Investing is an absolutely enormous subject. People devote their entire lives to the study of investing. Some people are quite successful with it. Others lose their shirts. I don’t claim to be a very savvy investor and, to be honest, if I did have some way of investing that would ensure profits every time I would not share it here (unless I wanted to wave goodbye to my profits).
I want to talk about one aspect of investing that is not based on theories – but rather on hard facts and real-life experience. One of the most sure-fire ways you can retire sitting on top of a sufficiently-large golden nest egg is to invest regularly. I know – it’s boring isn’t it?
When you regularly invest, you ensure that you are investing without emotion. For instance, let’s say I set up an account with a mutual fund house (such as Vanguard, or T. Rowe Price). The emotionless way to invest is to just decide how much of the excess cash (created from budgeting) that is available should go toward your investments. You can then set up with the brokerage house exactly how you want it handled. They’ll gladly draw on your account each month and throw your money into the fun(d).
I personally prefer the idea of investments that don’t require much maintenance, or thought :). I just don’t want to be a full-time investor. And even if you were a full-time investor, your chances of doing better than the market would be pretty slim.
This ‘walk-away’ approach to investing is why I personally prefer index funds to make up the bulk of my retirement portfolio. There are index funds for just about everything now, so don’t think your options will be limited in any way. Occasionally, I do dabble in single stocks, but only with money I can afford to lose.

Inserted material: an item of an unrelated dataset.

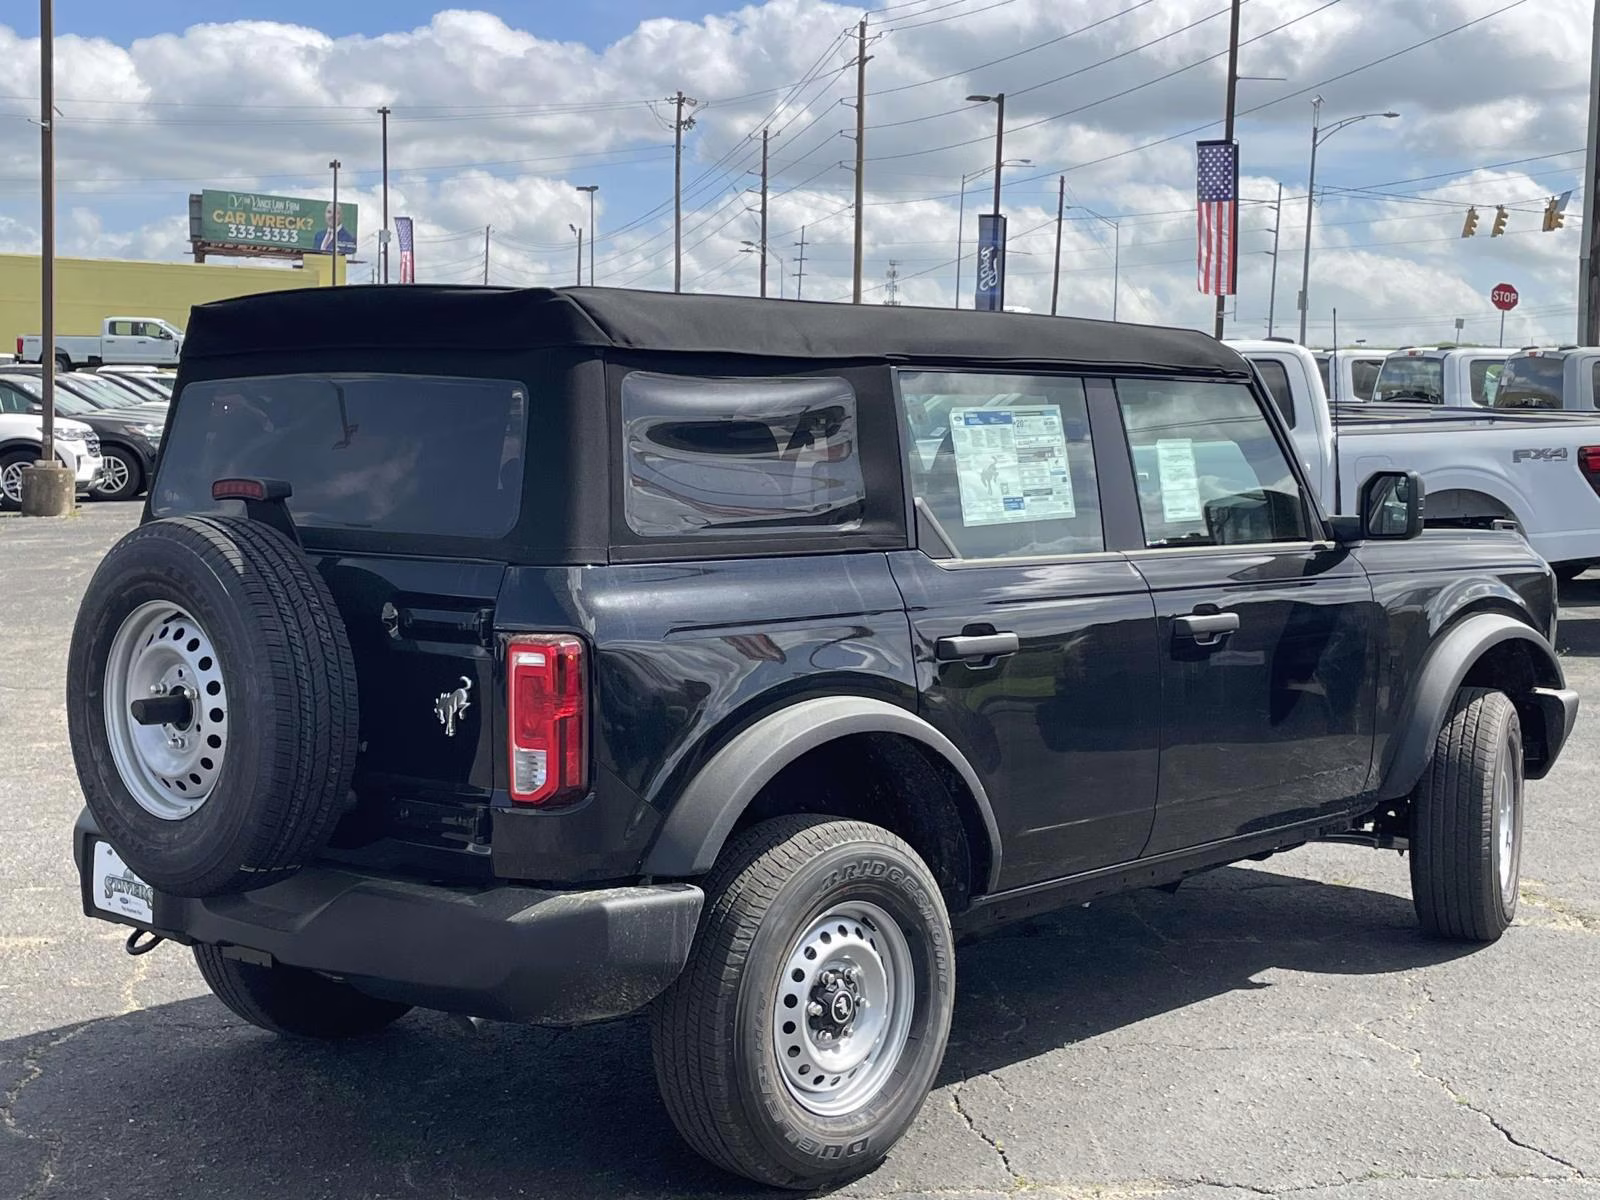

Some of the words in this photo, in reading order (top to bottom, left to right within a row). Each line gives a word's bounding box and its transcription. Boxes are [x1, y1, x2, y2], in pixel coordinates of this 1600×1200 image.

A relatively new approach with index funds is to even remove the investor’s need to make annual adjustments to their holdings. (Each year you should look at your portfolio and make sure it syncs up with your risk tolerance and retirement goals). For instance, the Vanguard Target Retirement Fund Family is built on the fact that things change, time passes. For instance, I am 25 and would like to retire when I’m 65 (well, 55 really). I would choose the Vanguard Target Retirement 2045 fund. The fund automatically adjusts its portfolio each year to reflect the fact that I’m am coming closer and closer to retirement. The adjustments are to move to a more conservative approach (less equity, more bonds to state it simply).
I personally love this idea. I can invest with confidence that I’m extremely well diversified, my portfolio is adjusting automatically to reflect the ever-changing environment I live in, and the fund is extremely cheap (meaning more of my money goes toward growth than toward one-time management fees).
In no way am I endorsing this fund in particular. I’m only highlighting the characteristics that appeal to me when it comes to investing:
- Automatic
- Consistent, emotionless
- Cheap
- Diversified
- Low maintenance
What you’ll find is that your excess cash will just grow and grow and grow once you begin a consistent investment plan. I’m reminded of a caller I heard a while back on the Dave Ramsey show. He had a particularly vexing problem. He and his wife had been very good about budgeting and watching their money. As a result, they had a lot of excess cash that had been built up over the years – about $3 million. They were still relatively young (67 and 68). So what was the problem? Their money was growing so fast they didn’t know where to spend it or what to buy.
Gosh. What a problem.
Budget. Give. Have fun. Invest. Rinse and repeat.